▶ Activity: Exactly as they stand, give the records below again, with no images.

▶ Recorded information:
-- Opening Marker --

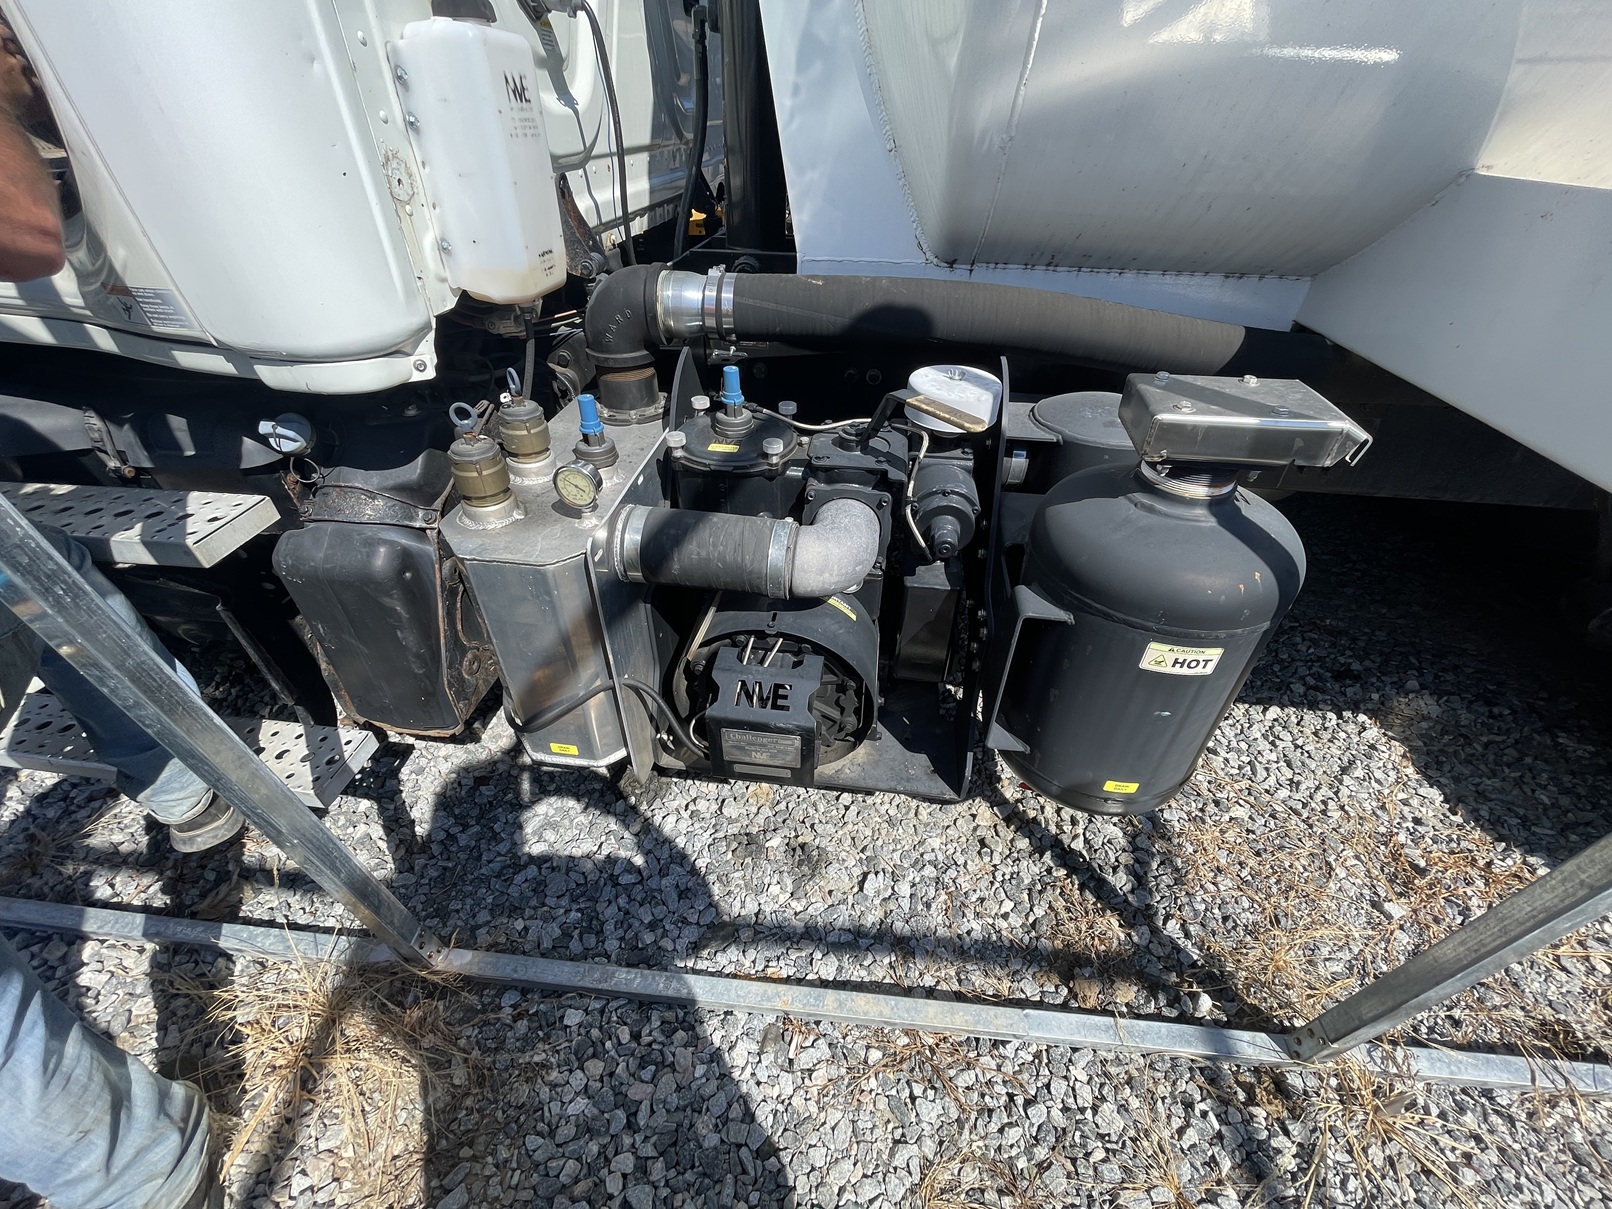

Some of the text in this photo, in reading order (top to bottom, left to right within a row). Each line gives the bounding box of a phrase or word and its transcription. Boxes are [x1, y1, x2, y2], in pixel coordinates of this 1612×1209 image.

[503, 70, 532, 104] NVE
[605, 308, 632, 342] WARD
[1171, 657, 1214, 669] HOT
[735, 679, 793, 712] NVE
[729, 732, 779, 744] Challenger
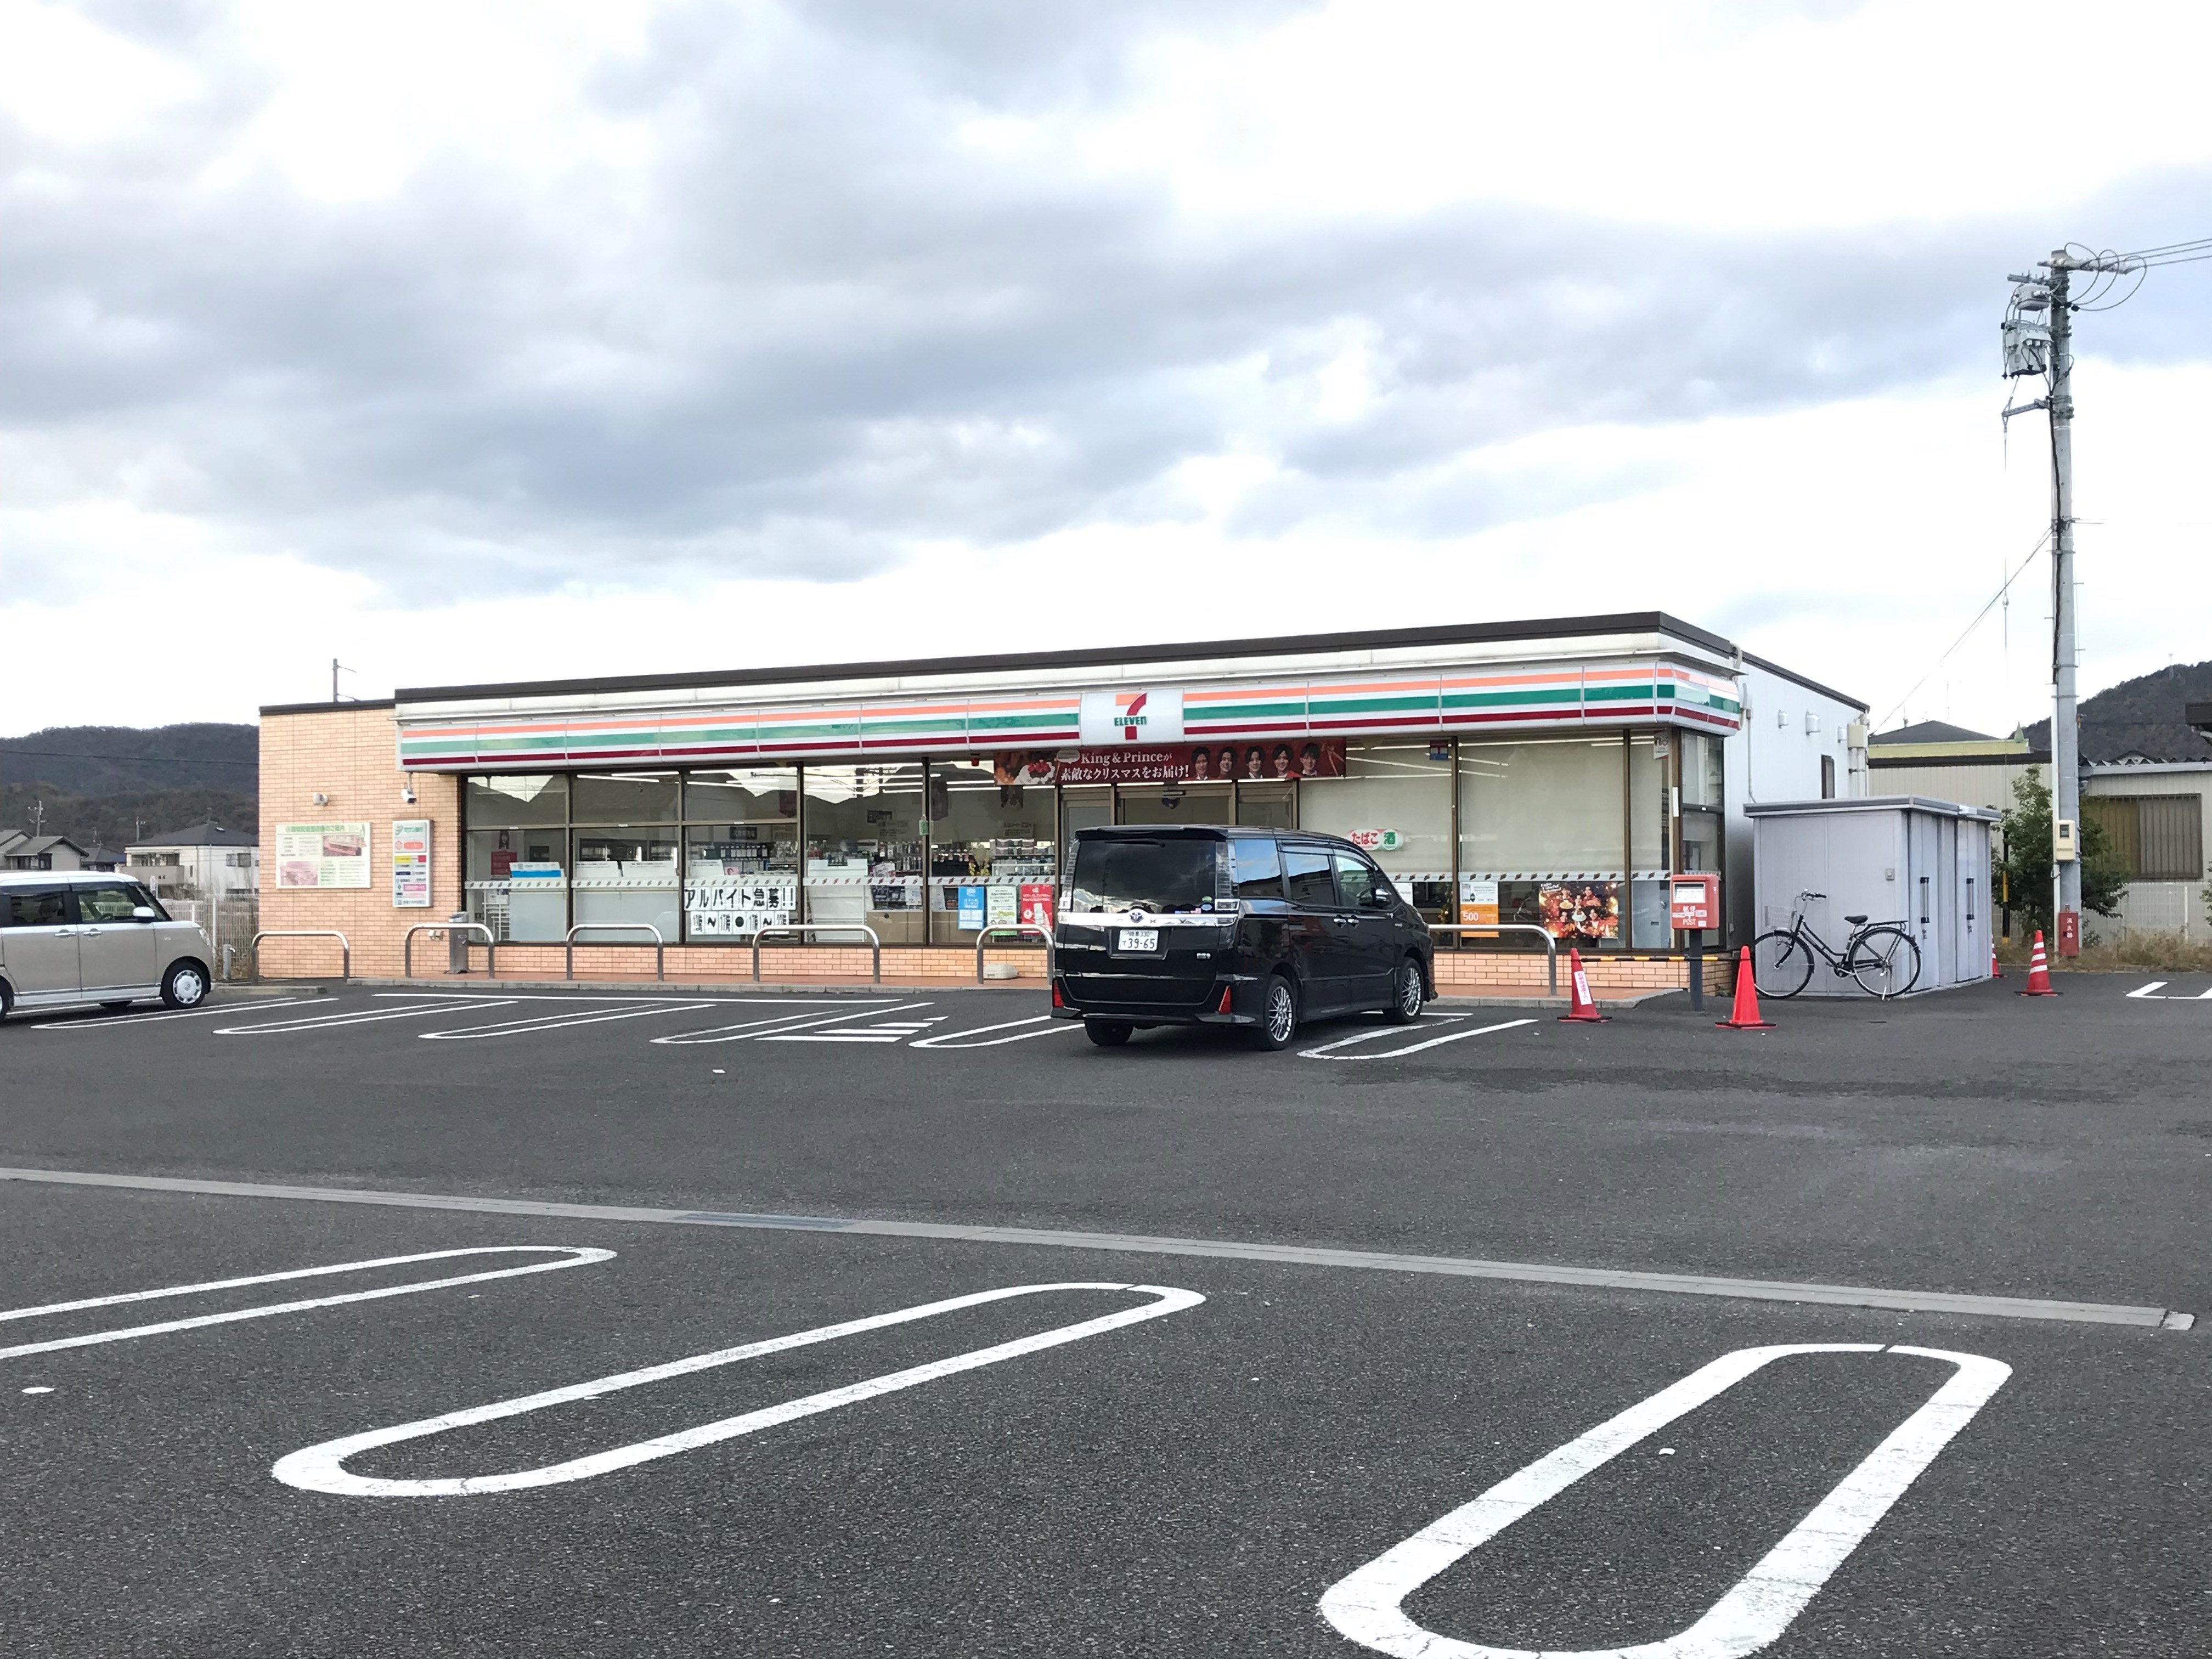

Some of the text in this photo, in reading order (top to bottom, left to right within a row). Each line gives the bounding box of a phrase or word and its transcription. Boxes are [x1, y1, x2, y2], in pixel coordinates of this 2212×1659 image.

[1081, 752, 1111, 766] King
[1112, 753, 1121, 763] &
[1351, 831, 1396, 845] たばこ 酒
[1463, 912, 1480, 921] 500
[1127, 938, 1155, 949] 39-65

-- Closing Marker --

▶ Finished task:
Some of the text in this photo, in reading order (top to bottom, left to right within a row). Each line gives the bounding box of a phrase or word and its transcription. Boxes are [x1, y1, x2, y2], in pixel coordinates of this 1612×1209 image.

[503, 70, 532, 104] NVE
[605, 308, 632, 342] WARD
[1171, 657, 1214, 669] HOT
[735, 679, 793, 712] NVE
[729, 732, 779, 744] Challenger

Some of the text in this photo, in reading order (top to bottom, left to right within a row). Each line gives the bounding box of a phrase or word and its transcription. Boxes are [x1, y1, x2, y2], in pixel coordinates of this 2212×1659 image.

[1081, 752, 1111, 766] King
[1112, 753, 1121, 763] &
[1351, 831, 1396, 845] たばこ 酒
[1463, 912, 1480, 921] 500
[1127, 938, 1155, 949] 39-65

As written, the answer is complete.